Cayman Islands opposition leader alleges political conspiracy

GEORGE TOWN, Cayman Islands (CNS) — The Cayman Islands opposition leader has alleged that a deliberate conspiracy between the former governor, Duncan Taylor, and the police commissioner, David Baines, was entirely politically motivated and his October 2014 trial based on corruption allegations led to his humiliation and ridicule.

In a legal action against the government officials, McKeeva Bush stated that the allegations against him about the misuse of his government credit card were designed to remove him from office and ensure he lost the 2013 election, which he claimed he would have won were it not for the malicious prosecution.

In a short statement in response to the lawsuit, Baines confirmed he had received the writ and the matter was now in the hands of the lawyers.

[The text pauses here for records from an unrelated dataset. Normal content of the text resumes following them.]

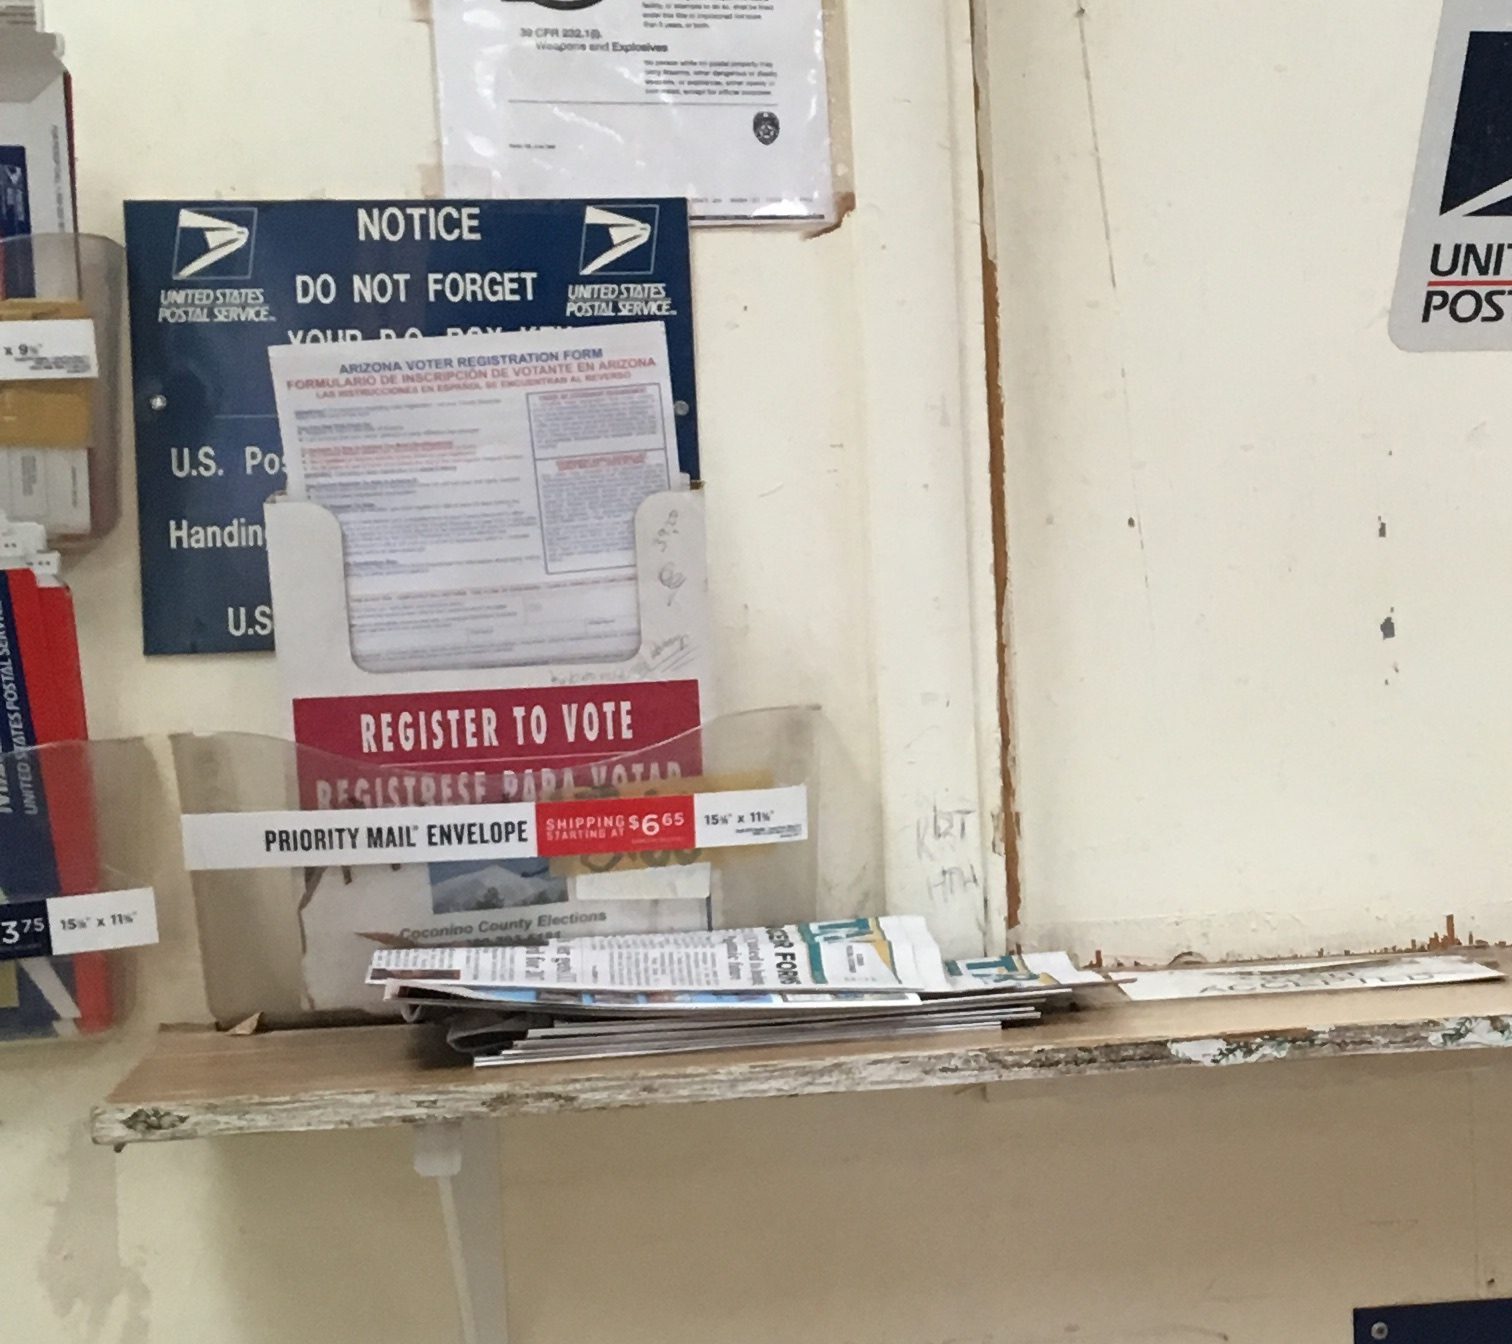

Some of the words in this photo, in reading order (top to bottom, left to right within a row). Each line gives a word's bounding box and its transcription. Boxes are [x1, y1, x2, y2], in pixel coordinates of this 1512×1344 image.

[357, 207, 482, 242] NOTICE
[160, 289, 214, 305] UNITED
[216, 288, 265, 304] STATES
[295, 274, 336, 304] DO
[353, 273, 410, 304] NOT
[429, 272, 538, 303] FORGET
[157, 306, 212, 323] POSTAL
[339, 360, 403, 375] ARIZONA
[405, 357, 453, 372] VOTER
[457, 351, 560, 368] REGISTRATION
[563, 348, 604, 362] FORM
[170, 446, 225, 478] U.S.
[1, 661, 22, 707] POSTAL
[8, 710, 31, 763] STATES
[359, 709, 499, 754] REGISTER
[512, 705, 548, 746] TO
[562, 701, 634, 744] VOTE
[17, 761, 39, 816] UNITED
[264, 828, 358, 853] PRIORITY
[427, 820, 529, 847] ENVELOPE
[546, 814, 625, 831] SHIPPING
[546, 828, 606, 842] STARTING
[610, 826, 625, 838] AT
[401, 923, 474, 941] Coconino
[478, 916, 533, 935] County
[537, 910, 607, 928] Elections

“I am limited as to what I can say professionally about this case, due to the legal action, other than my actions were lawful at all times and I have engaged in no such conspiracy as that suggested,” he said. “I welcome the opportunity to respond fully to the misrepresentations made by Mr Bush in his court writ and the legal process it has initiated.”

In the ten-page statement of claim filed in the Grand Court, Bush’s lawyers stated that Bush never committed a crime as there was no policy in place at the time banning personal use of a government credit card.

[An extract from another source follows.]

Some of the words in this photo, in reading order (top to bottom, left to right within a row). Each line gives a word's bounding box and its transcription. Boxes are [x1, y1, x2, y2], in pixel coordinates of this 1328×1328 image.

Pointing to the admission by Kenneth Jefferson during the trial that the case against Bush was based on an “inexplicable mistake”, the lawyers stated that the defendants in this case deliberately avoided seeking out the truth because they had colluded to ensure Bush was ousted from office. The former governor had directed and interfered with the case against Bush and ensured his arrest was carried out “in a blaze of publicity”.

Bush is claiming some $875,000 in legal costs and unspecified damages as a result of the harm he says the conspiracy to deliberately bring him down undemocratically has caused. His lawyers stated that the conspiracy caused him to lose his longstanding relationship with his bank, his family business has suffered, and he feared that he would be imprisoned. But he also not only lost his job as premier, his party lost the election, which the lawyers say the West Bay veteran would have won were it not for the conspiracy.

The statement of claim implies that the current premier, Alden McLaughlin, was involved in a secret agreement with the governor to ensure Bush’s arrest and charged, which had the desired political outcome of his “permanent removal from the office of the premier”. However, he falls short of directly accusing McLaughlin of being involved in the alleged conspiracy.

Bush and McLaughlin are currently engaged in another courtroom battle over the comments Bush made previously about the premier’s involvement in Bush’s political downfall in 2012, when McLaughlin was leader of the opposition. Following a press conference where Bush made a number of allegations against the premier, McLaughlin filed suit against Bush.

That case is currently winding its way through the system but the veracity of the documents Bush is basing his allegation on have been called into question and are currently the subject of a forgery investigation.